Sevgili aboneler ve kanalın konukları!
Geçen hafta Rusya Devlet Başkanı Vladimir Putin, planlarını aniden değiştirerek Nizhny Tagil ve Yekaterinburg yerine Tula’yı ziyaret etti.
Başkanın sağlığının bozulması nedeniyle planlar değişti. Putin grip oldu ve sağlığının keskin bir şekilde kötüleşmesinden korkan doktorlar, cumhurbaşkanına birkaç gün “gerilmemesini” tavsiye etti.
Belli sebeplerden dolayı Putin saha etkinliklerini tamamen iptal edip gündemden düşemeyince Tula’ya bir ziyaret düzenlendi. Seçimin elbette tesadüfen Tula’ya düşmediğini söylemeliyim.
Tula bölgesinin valisi Alexei Dyumin, sadece Putin’in eski bir koruması değil, kişisel olarak geçmişte Başkanlık Güvenlik Hizmetini yönetti ve liderin kişisel “yaveri” idi.

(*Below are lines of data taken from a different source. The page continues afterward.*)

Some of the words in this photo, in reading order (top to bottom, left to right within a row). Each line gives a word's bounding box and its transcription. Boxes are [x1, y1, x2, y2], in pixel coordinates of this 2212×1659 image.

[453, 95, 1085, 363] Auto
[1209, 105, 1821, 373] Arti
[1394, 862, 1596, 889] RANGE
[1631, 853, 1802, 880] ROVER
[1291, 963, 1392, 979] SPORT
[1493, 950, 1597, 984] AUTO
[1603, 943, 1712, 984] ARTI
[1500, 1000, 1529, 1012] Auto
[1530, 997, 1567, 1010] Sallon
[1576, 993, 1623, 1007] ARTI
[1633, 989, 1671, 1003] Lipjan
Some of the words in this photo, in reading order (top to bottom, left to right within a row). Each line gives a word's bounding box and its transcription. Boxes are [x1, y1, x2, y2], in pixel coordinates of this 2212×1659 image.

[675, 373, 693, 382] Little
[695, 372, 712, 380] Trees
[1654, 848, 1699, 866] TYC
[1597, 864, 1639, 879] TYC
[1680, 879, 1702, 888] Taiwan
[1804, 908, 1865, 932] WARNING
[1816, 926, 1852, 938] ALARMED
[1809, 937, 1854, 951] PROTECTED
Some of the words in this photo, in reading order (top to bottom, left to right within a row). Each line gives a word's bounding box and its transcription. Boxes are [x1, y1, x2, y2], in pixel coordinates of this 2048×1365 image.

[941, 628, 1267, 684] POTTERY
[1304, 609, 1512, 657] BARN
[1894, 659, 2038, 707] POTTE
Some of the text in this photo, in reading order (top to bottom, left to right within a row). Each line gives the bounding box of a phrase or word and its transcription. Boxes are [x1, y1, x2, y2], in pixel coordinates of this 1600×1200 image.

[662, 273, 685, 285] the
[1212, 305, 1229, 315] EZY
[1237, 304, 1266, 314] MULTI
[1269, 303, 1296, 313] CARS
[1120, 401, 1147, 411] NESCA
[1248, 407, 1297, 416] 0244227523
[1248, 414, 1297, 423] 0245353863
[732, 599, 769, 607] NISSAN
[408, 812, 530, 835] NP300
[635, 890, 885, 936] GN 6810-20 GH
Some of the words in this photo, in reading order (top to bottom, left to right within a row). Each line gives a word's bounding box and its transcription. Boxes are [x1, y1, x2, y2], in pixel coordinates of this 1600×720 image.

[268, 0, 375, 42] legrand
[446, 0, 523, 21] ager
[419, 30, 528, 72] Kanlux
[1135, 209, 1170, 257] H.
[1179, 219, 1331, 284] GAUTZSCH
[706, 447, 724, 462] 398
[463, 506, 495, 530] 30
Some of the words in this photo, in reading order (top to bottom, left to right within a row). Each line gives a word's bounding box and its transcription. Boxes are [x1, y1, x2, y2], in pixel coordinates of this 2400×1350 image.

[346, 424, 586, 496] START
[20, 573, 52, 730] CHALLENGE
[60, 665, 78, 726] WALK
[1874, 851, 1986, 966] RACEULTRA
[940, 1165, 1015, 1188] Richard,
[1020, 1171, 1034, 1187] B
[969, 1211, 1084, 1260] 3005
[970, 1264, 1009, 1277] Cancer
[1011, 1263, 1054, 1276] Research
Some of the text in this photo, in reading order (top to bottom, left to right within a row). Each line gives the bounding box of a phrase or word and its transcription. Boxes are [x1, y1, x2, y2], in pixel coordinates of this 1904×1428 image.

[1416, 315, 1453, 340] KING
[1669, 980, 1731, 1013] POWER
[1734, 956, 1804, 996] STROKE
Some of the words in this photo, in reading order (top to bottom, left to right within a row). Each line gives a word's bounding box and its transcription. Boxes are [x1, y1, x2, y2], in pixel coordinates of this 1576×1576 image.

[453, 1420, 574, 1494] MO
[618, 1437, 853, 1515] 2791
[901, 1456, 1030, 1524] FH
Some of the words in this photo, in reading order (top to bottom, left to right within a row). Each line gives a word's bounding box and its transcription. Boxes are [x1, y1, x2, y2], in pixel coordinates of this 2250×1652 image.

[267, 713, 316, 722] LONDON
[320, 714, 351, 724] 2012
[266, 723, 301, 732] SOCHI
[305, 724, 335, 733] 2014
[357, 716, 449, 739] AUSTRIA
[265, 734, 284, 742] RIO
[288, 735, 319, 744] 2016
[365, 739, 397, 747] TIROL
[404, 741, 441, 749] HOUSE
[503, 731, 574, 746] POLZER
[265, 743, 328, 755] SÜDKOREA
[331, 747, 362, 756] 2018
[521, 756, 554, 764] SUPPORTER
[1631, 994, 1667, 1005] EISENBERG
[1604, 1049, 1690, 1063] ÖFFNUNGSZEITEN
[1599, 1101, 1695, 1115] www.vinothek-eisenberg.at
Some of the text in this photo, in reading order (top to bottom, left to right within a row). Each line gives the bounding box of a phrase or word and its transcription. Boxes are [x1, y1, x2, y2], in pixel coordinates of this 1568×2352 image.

Dyumin, Putin’in Tula ziyaretini sorunsuz bir şekilde organize etti. Güvenilir bir kişi olarak, cumhurbaşkanının güvenliğini organize etmenin nüanslarını bilen biri olarak, cumhurbaşkanının bir dublörü ile birlikte hareket etti ve gerçek Putin’in serbest dolaşımını ve rotasyonunu kolaylaştırdı.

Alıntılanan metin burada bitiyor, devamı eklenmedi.